Lors des dernières élections municipales, le Regroupement des Associations de Lacs (RAL) a abordé avec les candidats à la mairie la question des bateaux à propulsion électrique de forte puissance. Par ailleurs, le Comité consultatif en environnement (CCE) de la municipalité a aussi étudié cette question et a recommandé une action préventive plutôt que réactive. En effet, l’arrivée probable sur les lacs de la municipalité de bateaux à propulsion électrique de forte puissance a le potentiel d’engendrer la plupart des problèmes et inconvénients des bateaux à propulsion mécanique. 

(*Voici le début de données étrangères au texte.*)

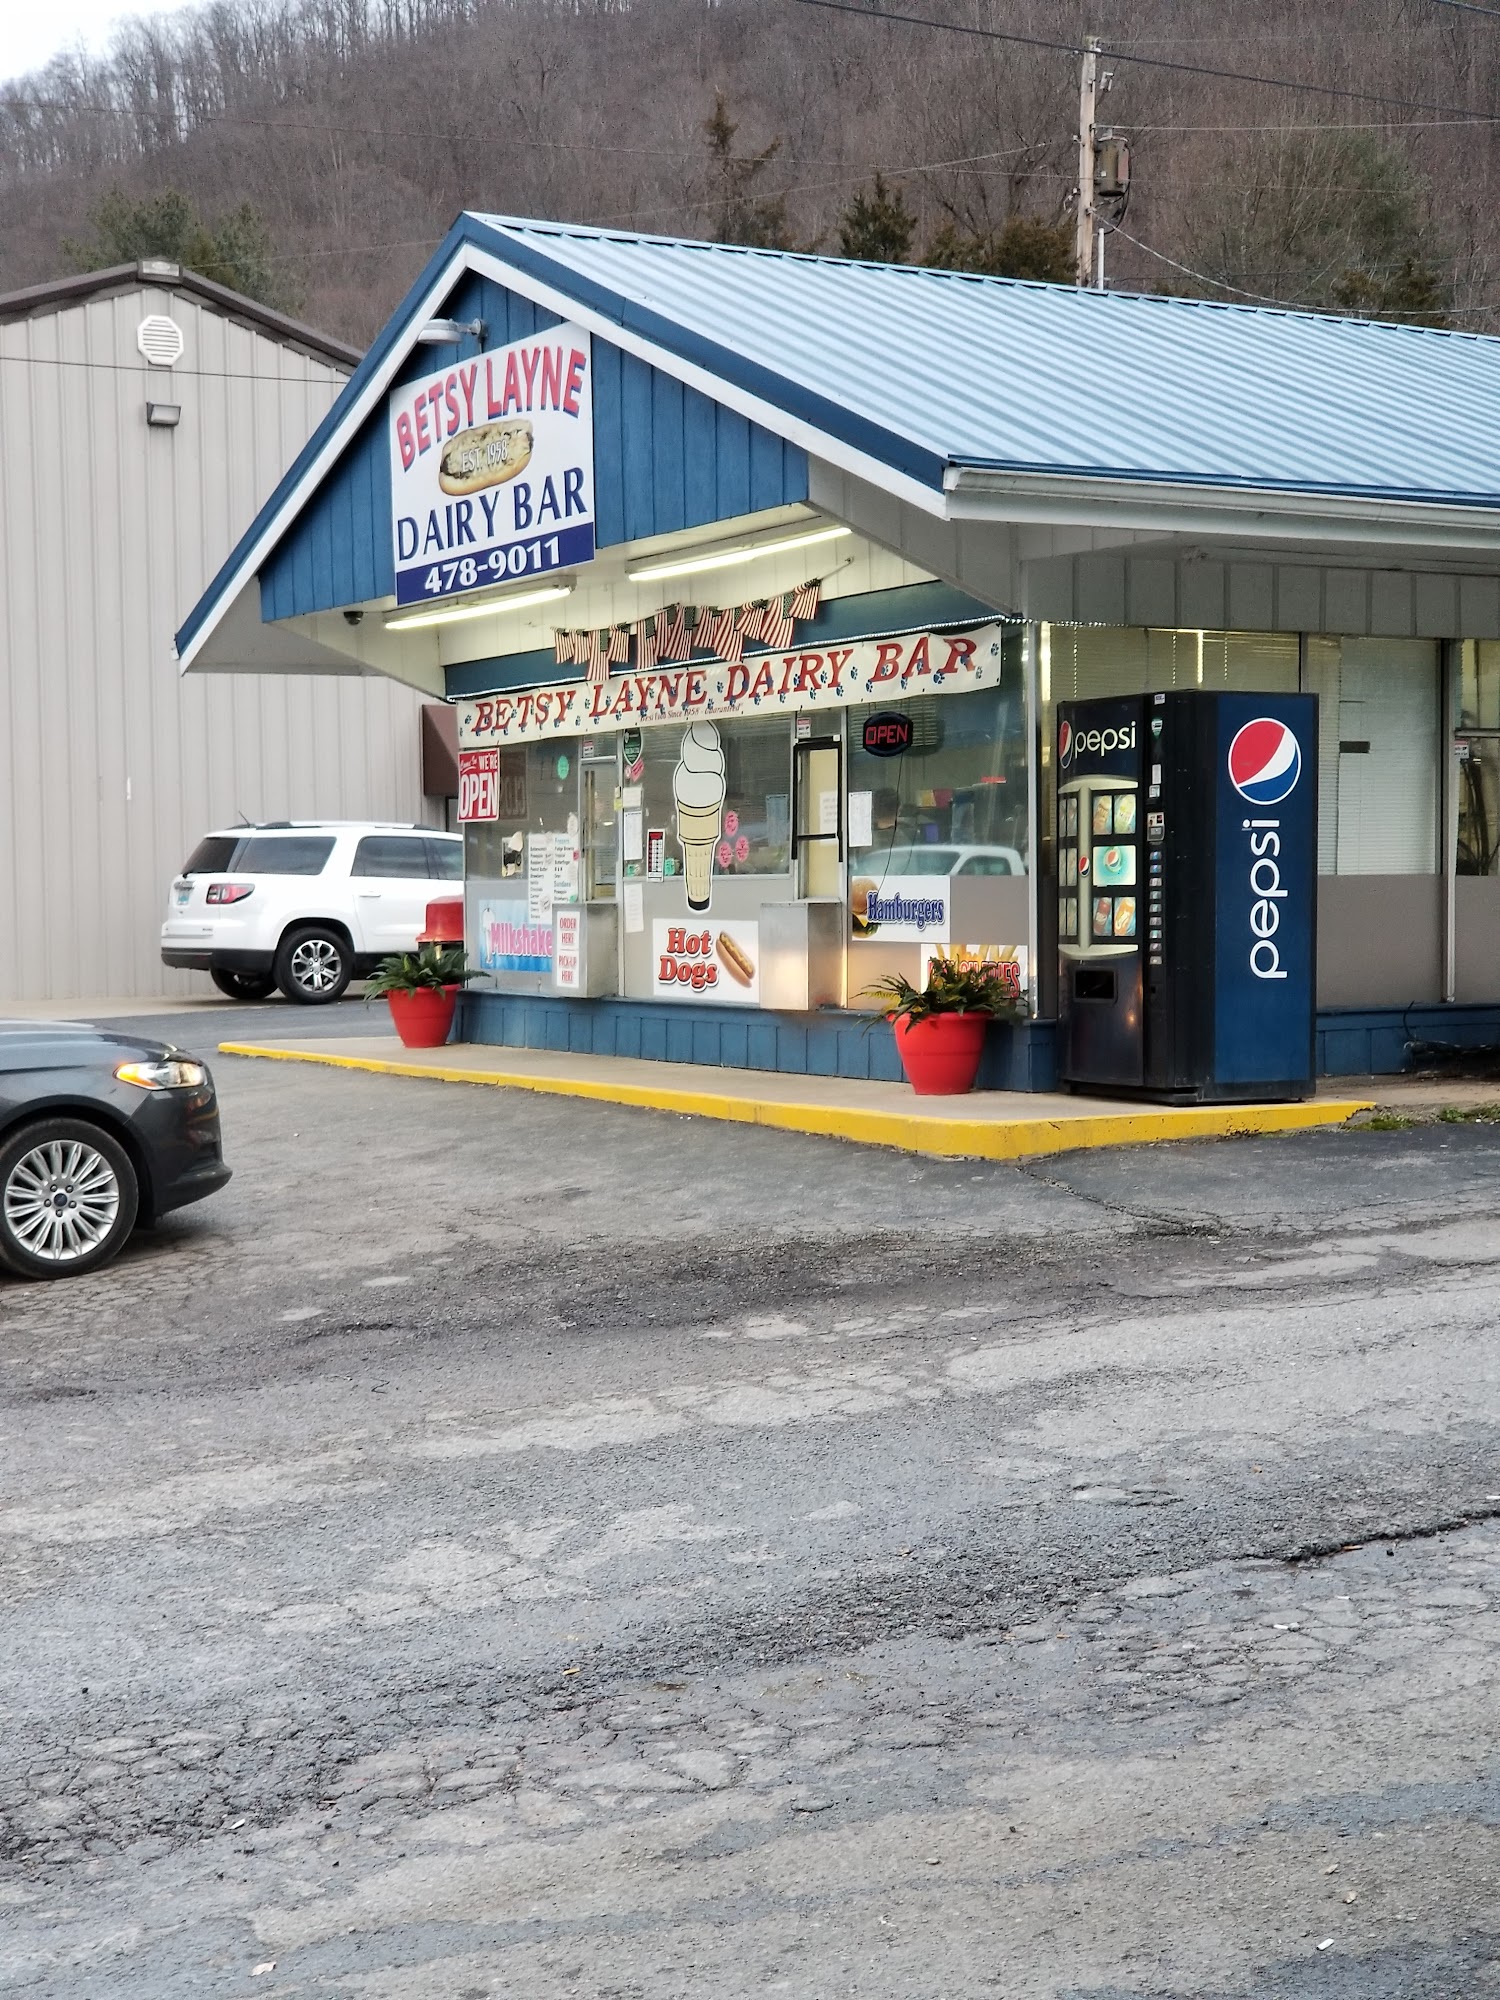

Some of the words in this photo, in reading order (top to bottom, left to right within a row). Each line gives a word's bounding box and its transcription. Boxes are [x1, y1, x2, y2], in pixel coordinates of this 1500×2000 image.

Comme vous le savez peut être, la navigation sur les cours d’eau étant de compétence fédérale, il est possible pour une municipalité de demander à Transports Canada d’interdire les bateaux à propulsion mécanique et/ou électrique ou de limiter la vitesse de navigation de ceux-ci en suivant une procédure longue et complexe. Dans le cas du Lac Sauvage, Transports Canada avait, au cours des années 1980, interdit les bateaux à propulsion mécanique mais aucune demande n’avait été alors formulée pour les bateaux à propulsion électrique, vu la très faible puissance de ceux-ci à l’époque. 

Lors de l’étude de cette question par le CCE, celui-ci est arrivé à la conclusion qu’il n’est pas possible de faire une demande de réglementation des bateaux à propulsion électrique dans le cas d’un lac qui n’est pas déjà aux prises avec une problématique sérieuse au moment de la demande. Puisqu’il n’y a aucune problématique actuelle sur les lacs de la municipalité, cette dernière a proposé l’amendement du règlement fédéral en vigueur sur les restrictions visant l’utilisation des bâtiments (RRVUB). 

Cette démarche de la municipalité, effectuée de concert avec le député fédéral David Graham, a été formulée à Transports Canada alors que celui-ci a récemment débuté un processus de modernisation du RRVUB. Selon Transports Canada, la proposition de la municipalité cadre bien avec le contenu des consultations sur la modernisation du RRVUB. D’ailleurs, Transports Canada a formulé la recommandation suivante : « que la définition de « propulsion électrique » au RRVUB soit modifiée afin d’y préciser une force de moteur électrique maximale ne dépassant pas 7.5kw (10 hp) ». Cette recommandation, si elle se concrétise, viendrait limiter par défaut la puissance des moteurs électriques sur les lacs déjà interdits aux bateaux à propulsion mécanique et correspond parfaitement aux objectifs de la municipalité. 

Le Comité Exécutif de l’APELS continuera à suivre ce dossier et vous tiendra informés de l’avancement des modifications réglementaires.